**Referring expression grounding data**

#####

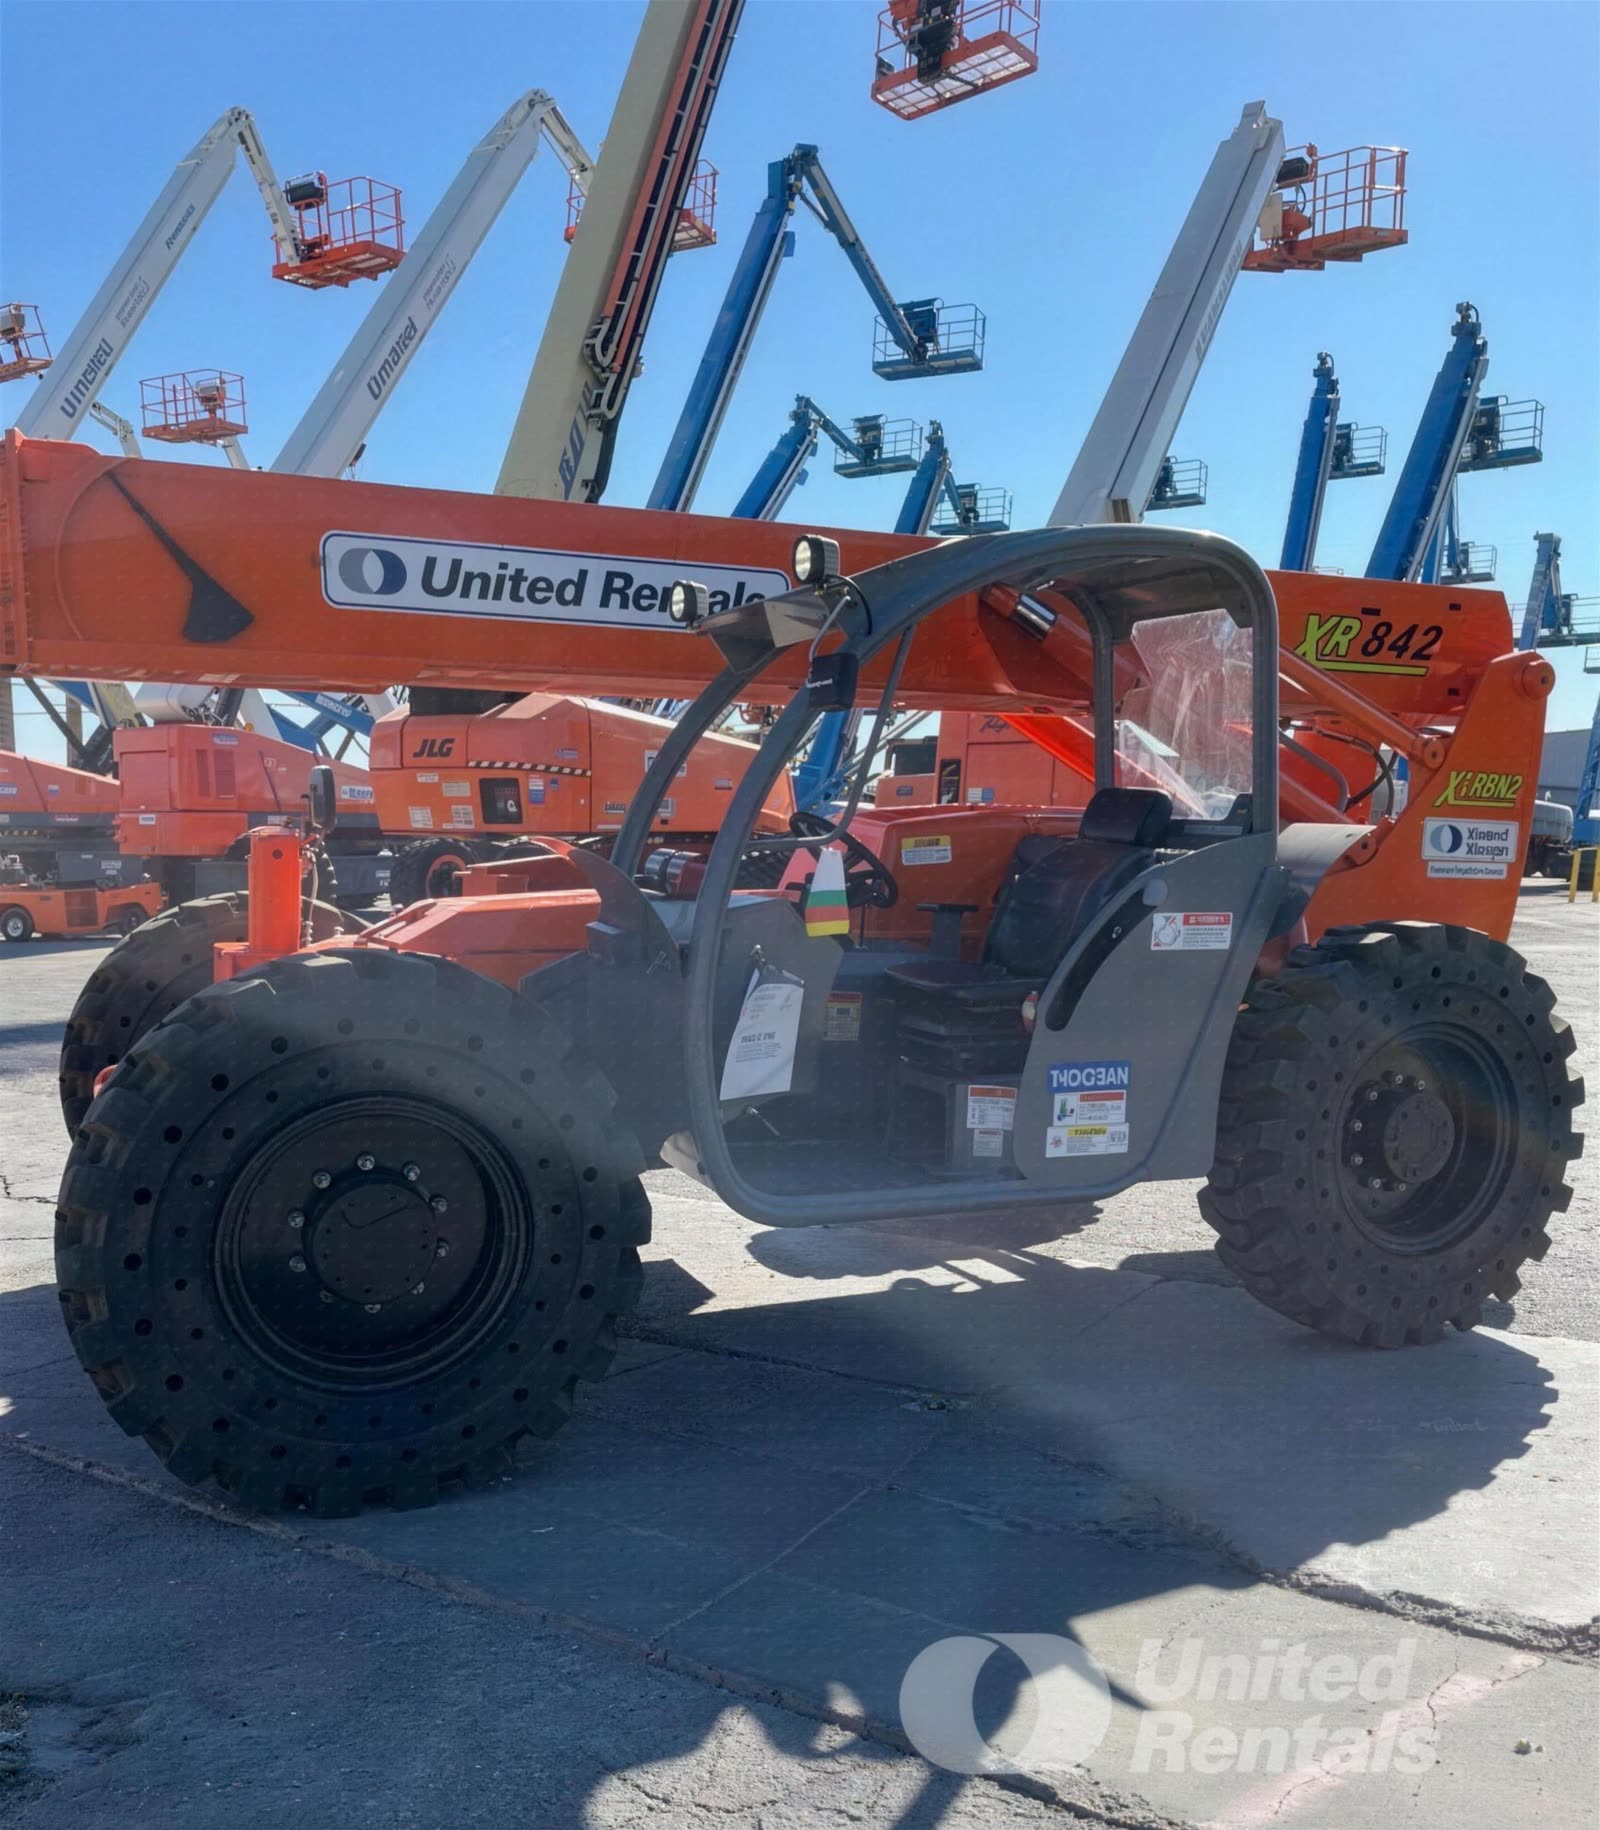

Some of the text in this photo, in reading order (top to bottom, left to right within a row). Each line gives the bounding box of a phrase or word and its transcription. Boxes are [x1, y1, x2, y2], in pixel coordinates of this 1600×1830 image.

[420, 556, 766, 615] United Real
[1295, 613, 1444, 663] XR 842
[412, 738, 455, 758] JLG
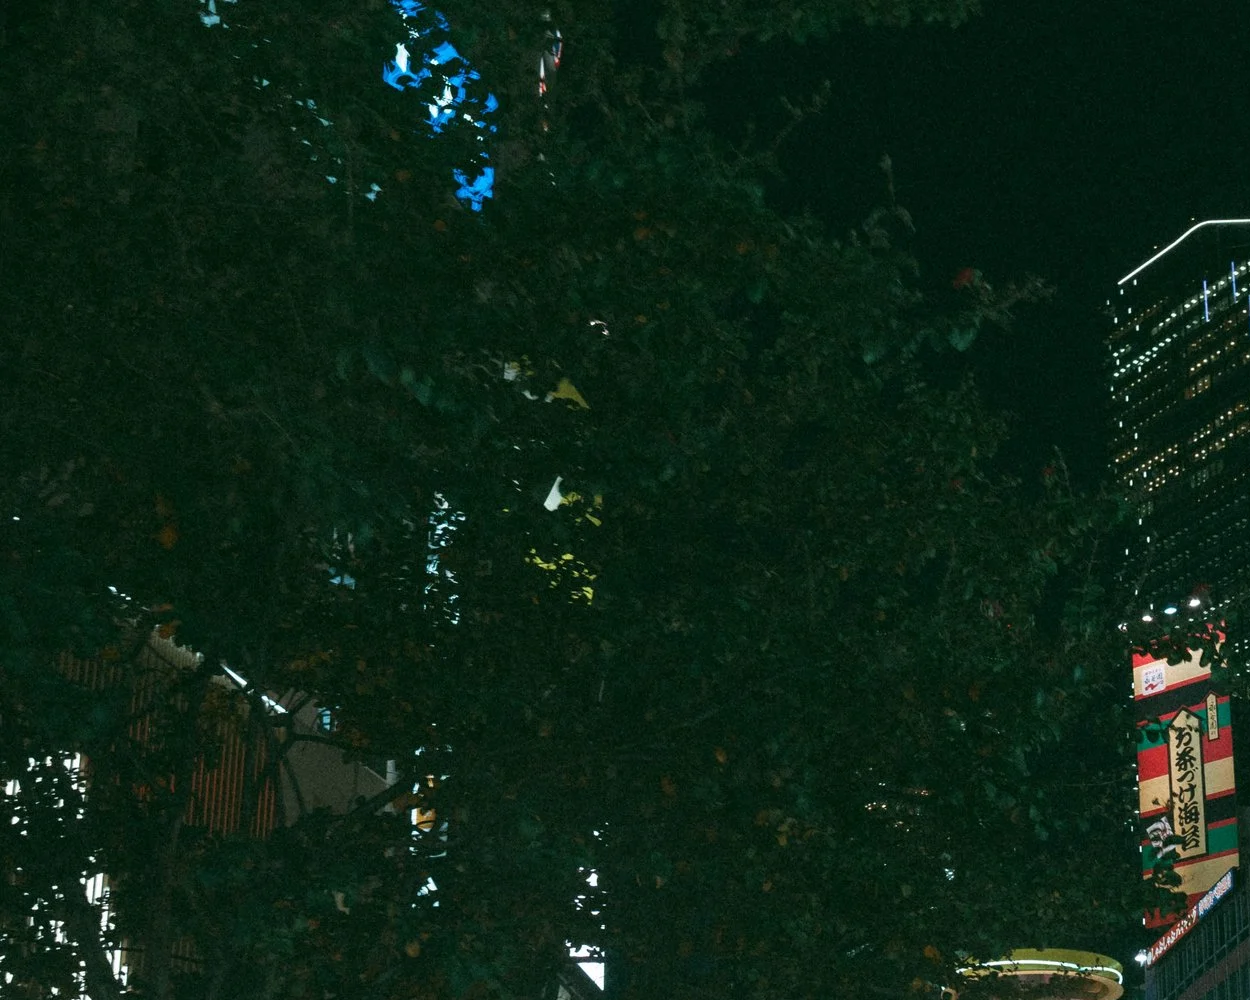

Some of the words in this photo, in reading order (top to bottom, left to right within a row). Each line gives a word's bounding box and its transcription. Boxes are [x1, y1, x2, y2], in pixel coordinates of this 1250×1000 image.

[1174, 724, 1201, 852] お茶づけ海苔
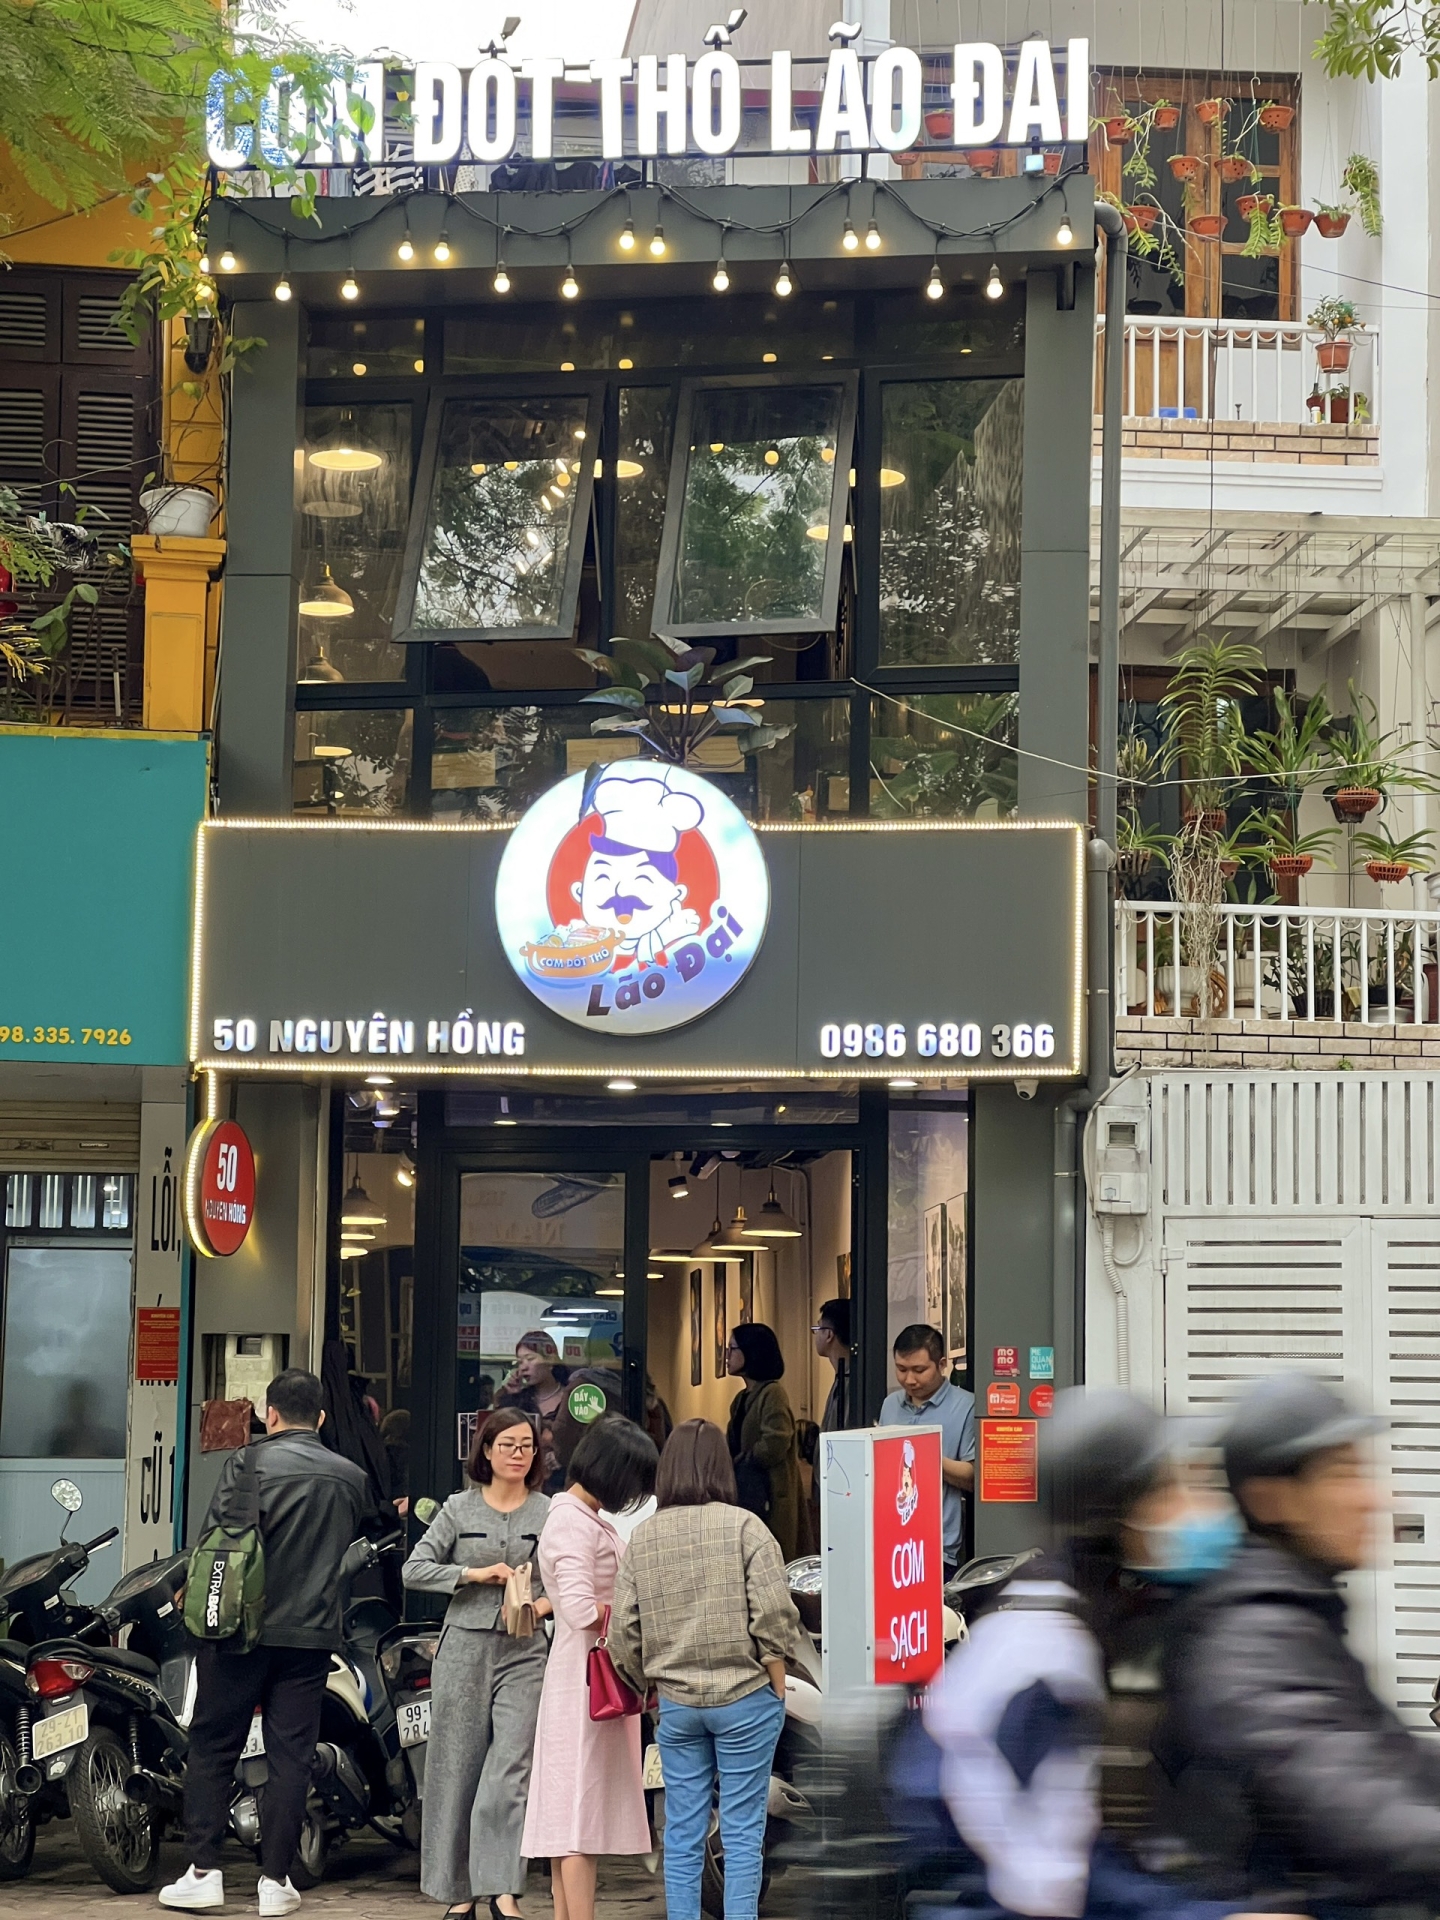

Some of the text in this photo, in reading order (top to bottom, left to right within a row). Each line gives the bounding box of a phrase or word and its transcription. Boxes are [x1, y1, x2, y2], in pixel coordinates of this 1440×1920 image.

#####

**ACTIVITY**
Reproduce the records in full and leave the images behind.

**REPLY**
Some of the text in this photo, in reading order (top to bottom, left to right within a row). Each line gives the bounding box of a phrase or word and its transcription. Boxes are [x1, y1, x2, y2], in pixel coordinates of this 1600×1830 image.

[420, 556, 766, 615] United Real
[1295, 613, 1444, 663] XR 842
[412, 738, 455, 758] JLG

Some of the words in this photo, in reading order (top to bottom, left to right within a row). Each line gives a word's bounding box and its transcription. Boxes are [x1, y1, x2, y2], in pixel coordinates of this 1250×1000 image.

[1174, 724, 1201, 852] お茶づけ海苔

Some of the text in this photo, in reading order (top to bottom, left to right within a row). Each line gives the bounding box of a phrase or word and its transcription. Boxes are [x1, y1, x2, y2], in pixel coordinates of this 1440×1920 image.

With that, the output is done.